What you will do ▸ Print the data exactly as written, line for line, and leave its pictures behind.

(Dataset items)

· · · · ·

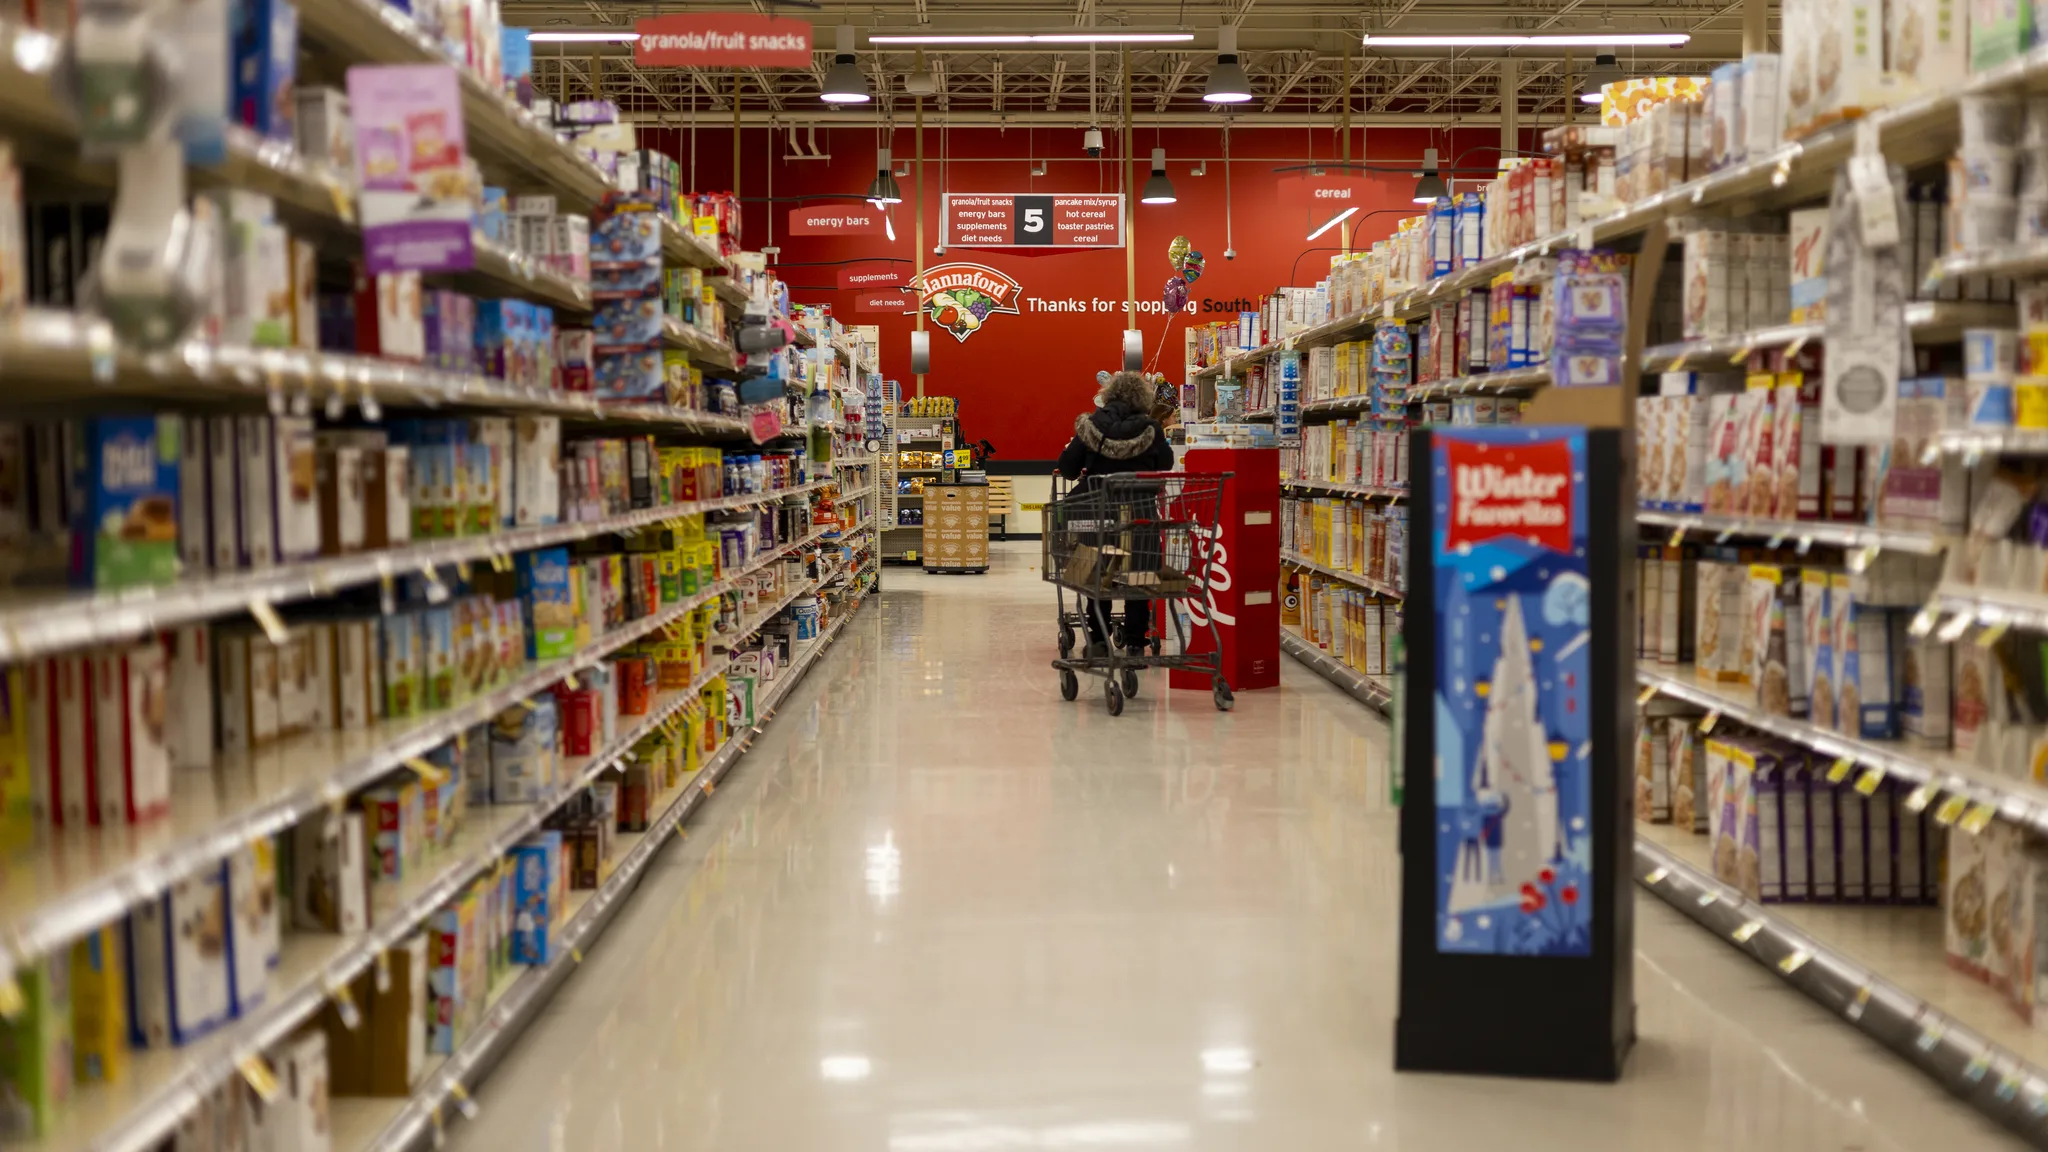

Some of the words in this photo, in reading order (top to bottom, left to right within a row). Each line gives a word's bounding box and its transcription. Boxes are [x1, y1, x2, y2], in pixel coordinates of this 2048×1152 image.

[641, 30, 745, 52] granola/fruit
[749, 32, 806, 50] snacks
[1315, 188, 1351, 199] cereal
[951, 198, 990, 207] granola/fruit
[1055, 198, 1082, 207] pancake
[1084, 198, 1117, 207] mix/syrup
[958, 211, 985, 219] energy
[988, 210, 1006, 218] bars
[1066, 210, 1080, 218] hot
[1081, 210, 1106, 218] cereal
[807, 217, 843, 228] energy
[846, 216, 870, 226] bars
[1023, 208, 1044, 233] 5
[956, 223, 1007, 231] supplements
[1057, 223, 1084, 231] toaster
[1085, 223, 1114, 231] pastries
[961, 234, 977, 242] diet
[978, 234, 1003, 242] needs
[1073, 234, 1098, 242] cereal
[849, 272, 898, 283] supplements
[1027, 297, 1087, 313] Thanks
[1092, 297, 1116, 312] for
[1121, 300, 1197, 315] soppg
[1203, 297, 1252, 312] South
[1457, 463, 1567, 499] Winter
[941, 504, 961, 512] value
[1458, 499, 1566, 526] Favorites
[941, 532, 961, 540] value
[1183, 513, 1236, 627] Post

· · · · ·

Expected answer ▸
Some of the words in this photo, in reading order (top to bottom, left to right within a row). Each line gives a word's bounding box and its transcription. Boxes are [x1, y1, x2, y2], in pixel coordinates of this 2048×1152 image.

[641, 30, 745, 52] granola/fruit
[749, 32, 806, 50] snacks
[1315, 188, 1351, 199] cereal
[951, 198, 990, 207] granola/fruit
[1055, 198, 1082, 207] pancake
[1084, 198, 1117, 207] mix/syrup
[958, 211, 985, 219] energy
[988, 210, 1006, 218] bars
[1066, 210, 1080, 218] hot
[1081, 210, 1106, 218] cereal
[807, 217, 843, 228] energy
[846, 216, 870, 226] bars
[1023, 208, 1044, 233] 5
[956, 223, 1007, 231] supplements
[1057, 223, 1084, 231] toaster
[1085, 223, 1114, 231] pastries
[961, 234, 977, 242] diet
[978, 234, 1003, 242] needs
[1073, 234, 1098, 242] cereal
[849, 272, 898, 283] supplements
[1027, 297, 1087, 313] Thanks
[1092, 297, 1116, 312] for
[1121, 300, 1197, 315] soppg
[1203, 297, 1252, 312] South
[1457, 463, 1567, 499] Winter
[941, 504, 961, 512] value
[1458, 499, 1566, 526] Favorites
[941, 532, 961, 540] value
[1183, 513, 1236, 627] Post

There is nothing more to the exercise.